THE PROBLEM:
Return the line that contains "this 2048×1371 image." plus every line after it to the end of the entries below, exactly as given, and stop there.

**** SOURCE MATERIAL

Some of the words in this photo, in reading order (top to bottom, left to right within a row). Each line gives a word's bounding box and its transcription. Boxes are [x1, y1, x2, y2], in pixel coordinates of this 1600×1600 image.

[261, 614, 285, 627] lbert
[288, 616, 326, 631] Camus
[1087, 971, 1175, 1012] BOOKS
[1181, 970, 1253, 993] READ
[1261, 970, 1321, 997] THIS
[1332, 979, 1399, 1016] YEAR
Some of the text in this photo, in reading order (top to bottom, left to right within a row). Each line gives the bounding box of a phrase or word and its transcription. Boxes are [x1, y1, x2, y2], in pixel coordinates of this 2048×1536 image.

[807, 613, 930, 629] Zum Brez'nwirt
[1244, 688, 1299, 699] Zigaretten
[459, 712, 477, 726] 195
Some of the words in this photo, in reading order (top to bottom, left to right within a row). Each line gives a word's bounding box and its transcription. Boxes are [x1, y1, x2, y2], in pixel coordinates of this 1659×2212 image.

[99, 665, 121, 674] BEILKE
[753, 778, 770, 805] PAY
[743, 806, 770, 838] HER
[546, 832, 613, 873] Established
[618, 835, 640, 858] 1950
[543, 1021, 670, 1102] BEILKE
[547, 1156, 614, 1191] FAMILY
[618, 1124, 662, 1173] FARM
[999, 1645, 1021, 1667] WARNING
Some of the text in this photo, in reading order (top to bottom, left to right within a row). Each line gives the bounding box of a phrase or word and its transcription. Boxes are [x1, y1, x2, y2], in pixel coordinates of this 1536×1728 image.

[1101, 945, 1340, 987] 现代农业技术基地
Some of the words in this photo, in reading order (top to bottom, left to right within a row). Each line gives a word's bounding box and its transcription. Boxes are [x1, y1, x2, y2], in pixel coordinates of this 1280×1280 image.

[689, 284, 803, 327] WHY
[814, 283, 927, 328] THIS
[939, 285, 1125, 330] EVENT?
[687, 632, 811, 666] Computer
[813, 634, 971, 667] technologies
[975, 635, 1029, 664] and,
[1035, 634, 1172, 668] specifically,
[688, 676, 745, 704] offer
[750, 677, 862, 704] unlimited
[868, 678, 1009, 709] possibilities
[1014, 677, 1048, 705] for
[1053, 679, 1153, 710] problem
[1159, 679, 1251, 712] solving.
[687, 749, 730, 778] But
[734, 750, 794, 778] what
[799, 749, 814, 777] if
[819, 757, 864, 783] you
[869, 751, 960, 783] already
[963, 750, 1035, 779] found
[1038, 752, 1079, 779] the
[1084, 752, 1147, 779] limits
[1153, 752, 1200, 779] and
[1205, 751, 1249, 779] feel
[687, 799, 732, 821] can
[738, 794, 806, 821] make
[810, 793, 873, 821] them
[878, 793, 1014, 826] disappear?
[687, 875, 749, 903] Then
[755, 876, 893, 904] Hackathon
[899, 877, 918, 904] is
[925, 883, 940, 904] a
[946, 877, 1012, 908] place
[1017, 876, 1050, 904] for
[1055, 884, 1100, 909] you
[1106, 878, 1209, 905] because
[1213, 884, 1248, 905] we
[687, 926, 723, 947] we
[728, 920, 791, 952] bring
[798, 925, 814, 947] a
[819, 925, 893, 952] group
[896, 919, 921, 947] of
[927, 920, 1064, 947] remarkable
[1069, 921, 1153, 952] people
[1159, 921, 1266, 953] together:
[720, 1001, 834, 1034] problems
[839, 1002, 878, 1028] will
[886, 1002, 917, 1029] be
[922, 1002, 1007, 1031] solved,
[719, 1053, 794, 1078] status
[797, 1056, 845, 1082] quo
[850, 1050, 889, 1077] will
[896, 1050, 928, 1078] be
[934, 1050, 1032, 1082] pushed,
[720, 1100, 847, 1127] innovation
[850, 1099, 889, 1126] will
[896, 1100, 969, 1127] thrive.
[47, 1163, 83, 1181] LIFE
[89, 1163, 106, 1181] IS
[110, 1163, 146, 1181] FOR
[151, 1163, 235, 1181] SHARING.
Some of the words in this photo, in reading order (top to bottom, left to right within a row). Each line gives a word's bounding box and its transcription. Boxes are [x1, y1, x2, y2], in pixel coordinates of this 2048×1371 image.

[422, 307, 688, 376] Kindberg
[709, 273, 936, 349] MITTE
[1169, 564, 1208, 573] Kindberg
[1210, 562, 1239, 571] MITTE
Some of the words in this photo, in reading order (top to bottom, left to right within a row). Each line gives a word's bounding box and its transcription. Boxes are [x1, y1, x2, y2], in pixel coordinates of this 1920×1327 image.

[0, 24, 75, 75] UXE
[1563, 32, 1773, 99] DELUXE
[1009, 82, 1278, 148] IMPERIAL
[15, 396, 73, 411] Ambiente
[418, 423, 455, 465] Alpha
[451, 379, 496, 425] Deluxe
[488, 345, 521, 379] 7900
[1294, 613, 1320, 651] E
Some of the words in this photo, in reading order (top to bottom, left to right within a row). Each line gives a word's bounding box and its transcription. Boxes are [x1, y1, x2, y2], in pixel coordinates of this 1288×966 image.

********

OUTPUT FOR THIS TASK:
Some of the words in this photo, in reading order (top to bottom, left to right within a row). Each line gives a word's bounding box and its transcription. Boxes are [x1, y1, x2, y2], in pixel coordinates of this 2048×1371 image.

[422, 307, 688, 376] Kindberg
[709, 273, 936, 349] MITTE
[1169, 564, 1208, 573] Kindberg
[1210, 562, 1239, 571] MITTE
Some of the words in this photo, in reading order (top to bottom, left to right within a row). Each line gives a word's bounding box and its transcription. Boxes are [x1, y1, x2, y2], in pixel coordinates of this 1920×1327 image.

[0, 24, 75, 75] UXE
[1563, 32, 1773, 99] DELUXE
[1009, 82, 1278, 148] IMPERIAL
[15, 396, 73, 411] Ambiente
[418, 423, 455, 465] Alpha
[451, 379, 496, 425] Deluxe
[488, 345, 521, 379] 7900
[1294, 613, 1320, 651] E
Some of the words in this photo, in reading order (top to bottom, left to right within a row). Each line gives a word's bounding box and its transcription. Boxes are [x1, y1, x2, y2], in pixel coordinates of this 1288×966 image.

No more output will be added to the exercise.